04 Becca Stevens: »Regina« (GroundUP)
Die New Yorker Songwriterin widmet sich auf ihrem neuen Album, der Titel legt es schon nahe, den Königinnen. Dass sie damit nicht nur historische und tatsächliche Königinnen meint, versteht sich von selbst. Musikalisch findet sie für dieses kühne Vorhaben zu harmonisch reichhaltigen Liedern, die den Jazz genauso absorbiert haben wie legendäre Popsongs. »Regina« klingt wie ein Album gewordener Meisterklasse-Kurs in zeitgenössischem Songwriting ohne akademisch verkopft zu wirken.

05 The Hirsch Effekt: »Eskapist« (Long Branch Records)
Was jetzt? Hamburger Schule trifft auf progressiven Metal? Womöglich. Doch die Melange schmeckt und haut einen schlicht vom Hocker. In Sachen Riffs macht der Band aus Hannover niemand was vor und die Tracks sind, trotz teilweiser Ûberlänge, konzise und meisterlisch arrangiert. Das ist komplexe Hassmusik für offene Ohren.

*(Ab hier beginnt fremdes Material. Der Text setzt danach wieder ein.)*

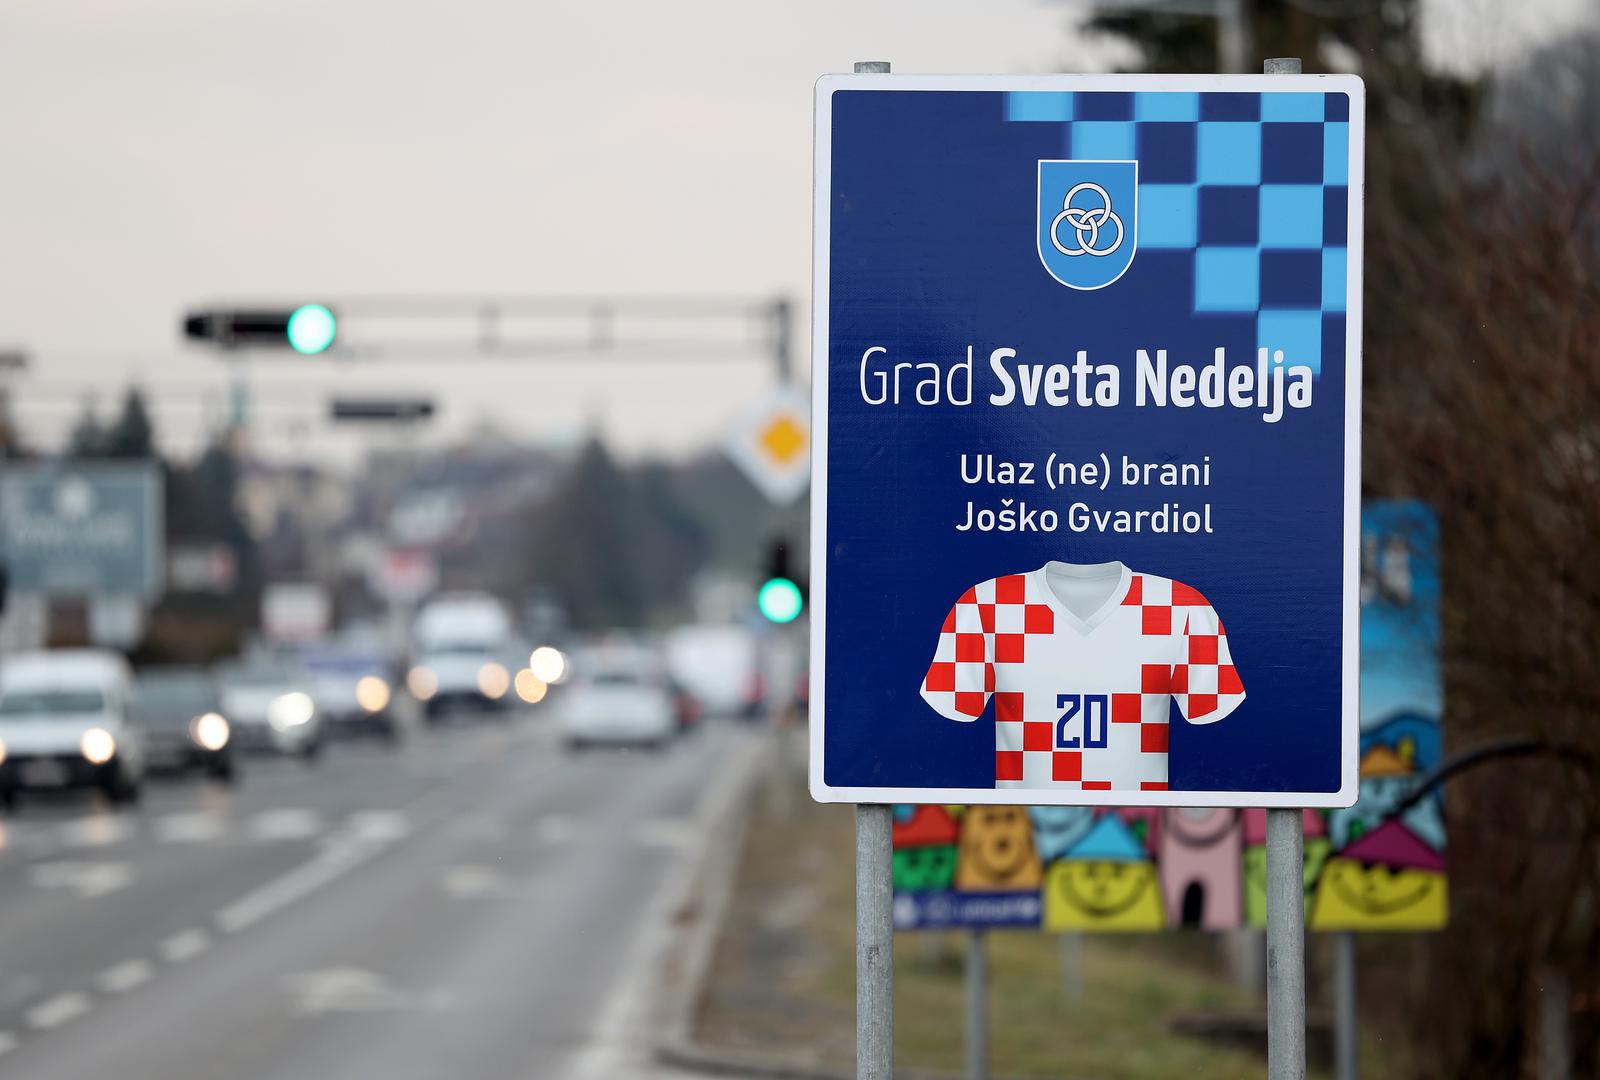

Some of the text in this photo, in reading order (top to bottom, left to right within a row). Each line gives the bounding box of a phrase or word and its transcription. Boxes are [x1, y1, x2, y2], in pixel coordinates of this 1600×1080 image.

06 Barbara Hannigan: »Crazy Girl Crazy« (Alpha Classics)
Dieser Frau gelingt offenbar alles. Nicht genug damit, dass sie eine brillante Interpretin von klassischer und zeitgenössischer Musik gleichermaßen ist, hat sie vor wenigen Jahren auch noch erfolgreich mit dem Dirigieren begonnen. Dass sie zum Teil singt und dirigiert ist ein Novum. Auf dem vorliegenden Dirigat-Gesang-Debütalbum wildert sie im Bereich der avantgardistischen Stimmexperimente, bei dezent neutönenden Klassikern und im weiten Feld des Jazz.

07 Julien Baker: »Turn Out The Lights« (Matador Records)
Die 1995 geborene Songwriterin Julien Baker serviert auf ihrem zweiten Soloalbum Musik für unglückliche und hochsensible Zuhausebleiber. In diesem Zusammenhang sind ihr einige der besten Post-Emo-Folksongs der letzten Jahre gelungen. Selten hat man so gerne und bereitwillig beim Musikhören geweint und zuvor bereits lange geplante Treffen mit Freunden abgesagt.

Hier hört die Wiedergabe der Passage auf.